One thing you may notice is that I do not use the norm, but its square root. Why? This gives better contrast—it’s a heuristic observation.

*
* *

If we use two dimensions for hue and saturation, we’re left with a third for value, or brightness:

The code is pretty much the same, except that we now have another dimension. The lattice is extended to 3D in a way that ensures the points remain equidistant not only in the hue/saturation plane but also between planes. That’s more or less the “cannonball stack” arrangement:

We now need three basis vectors:

\vec{u}_3=(1,0,0),

\displaystyle \vec{v}_3=\left(\frac{1}{2},\frac{\sqrt{3}}{2},0\right),

\displaystyle \vec{w}_3=\left(\frac{1}{2},\frac{\sqrt{3}}{6},\frac{\sqrt{6}}{3}\right).

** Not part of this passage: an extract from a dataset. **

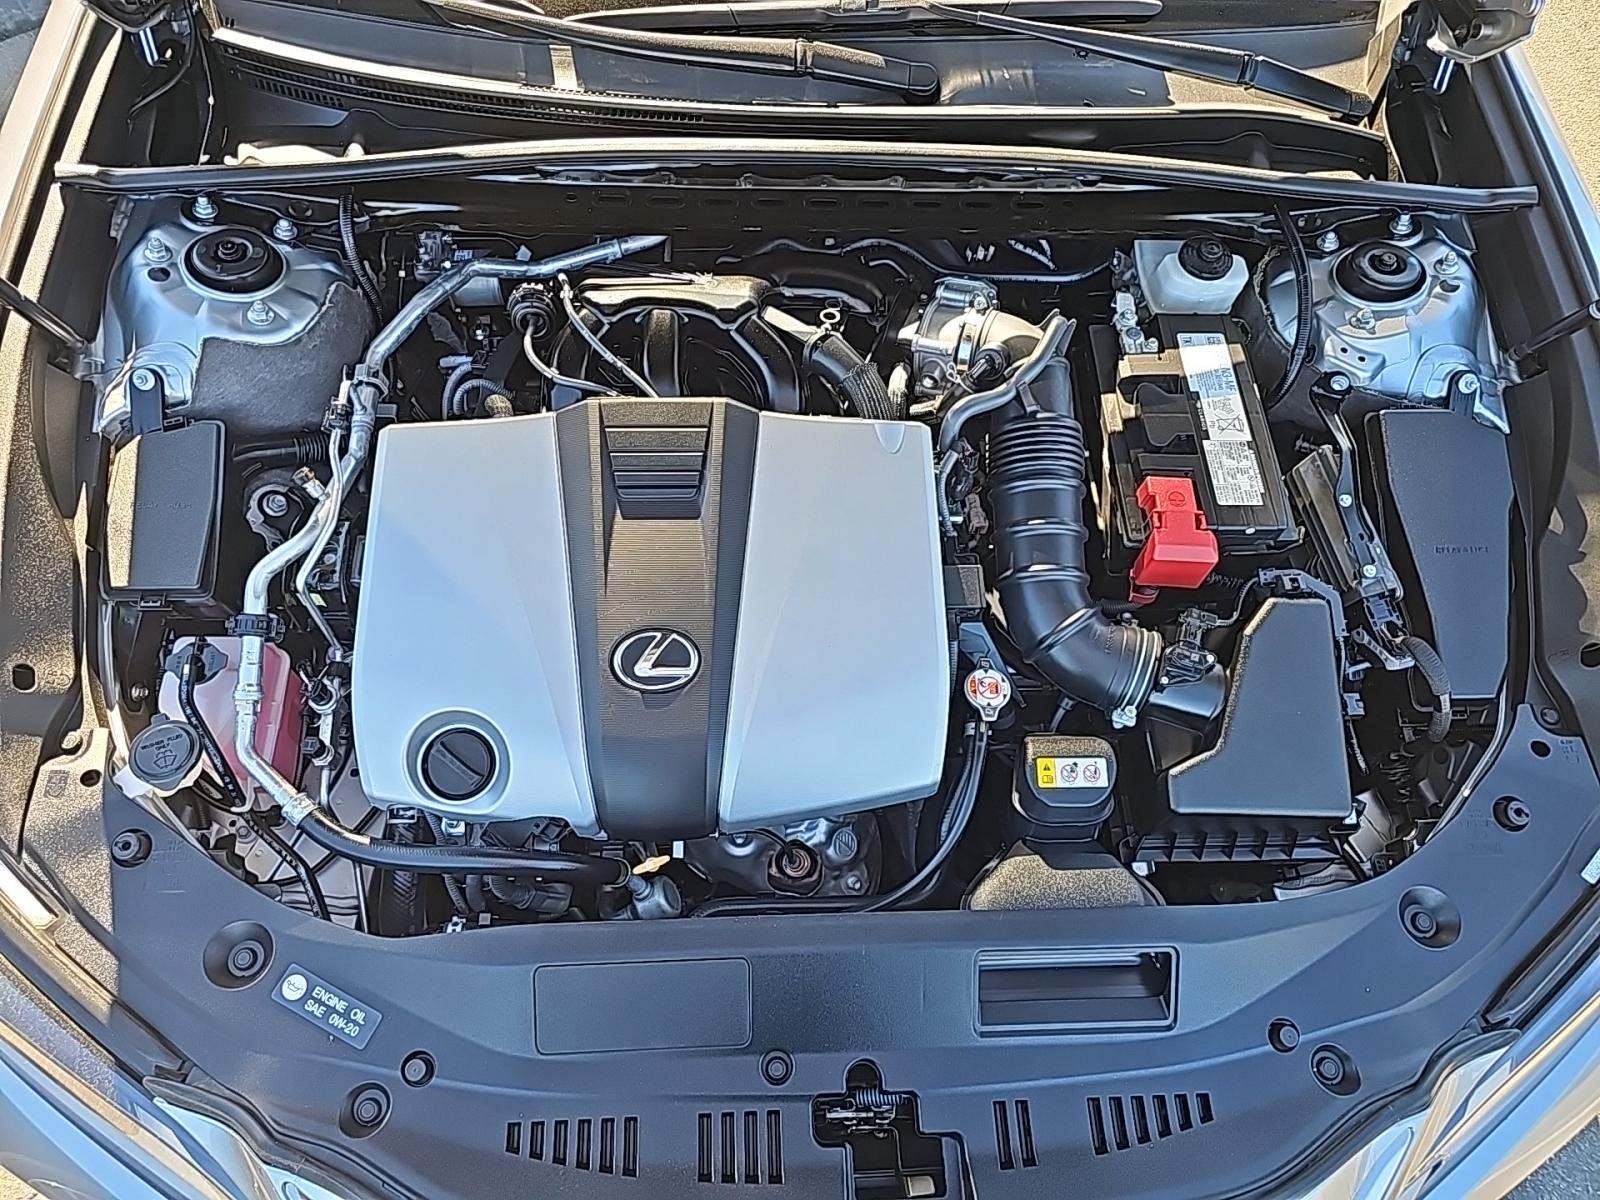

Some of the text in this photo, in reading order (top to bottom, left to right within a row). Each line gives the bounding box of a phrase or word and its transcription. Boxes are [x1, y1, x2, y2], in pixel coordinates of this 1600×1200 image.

[304, 999, 360, 1037] SAE 0W-20
[311, 986, 367, 1025] ENGINE OIL

and cycling through x u_3 + y v_3 + z w_3 inside a cylinder (unit radius and height 2, centered at 0), with varying density produces the animation above. The Mathematica code is:

ATan2[u_] := ATan[u[[1 ;; 2]]]

Palette3D[d_] :=
 Graphics3D[
  {
   {
    PointSize[1/(3 d + 2)],
    Table[
     If[(Norm[(x u3 + y v3 + z w3) {1, 1, 0}] <= 1)
       && (Norm[z w3] <= 1),
      {
       Hue[ATan2[x u3 + y v3 + z w3]/(2 \[Pi]),
        Norm[(x u3 + y v3 + z w3) {1, 1, 0}],
        ((x u3 + y v3 + z w3)[[3]] + 1) 1/2 1/Sqrt[2/3]
        ],
       Point[x u3 + y v3 + z w3]
       }
      ]
     , {x, -2, 2, 1/d}, {y, -2, 2, 1/d}, {z, -1, 1, 1/d}]
    }
   
   },
  Lighting -> None,
  RotationAction -> "Clip",
  SphericalRegion -> True,
  Boxed -> False,
  ImageSize -> 500
  ]

*
* *

Either of the above methods are truly useful when the number of colors remains modest. We’re not very good at distinguishing colors. Maybe only a few tens of colors displayed simultaneously will appear different enough to be useful—we’re much, much better at differentiating brightness. Combining brightness and color maybe a bit better than using only color or only brightness.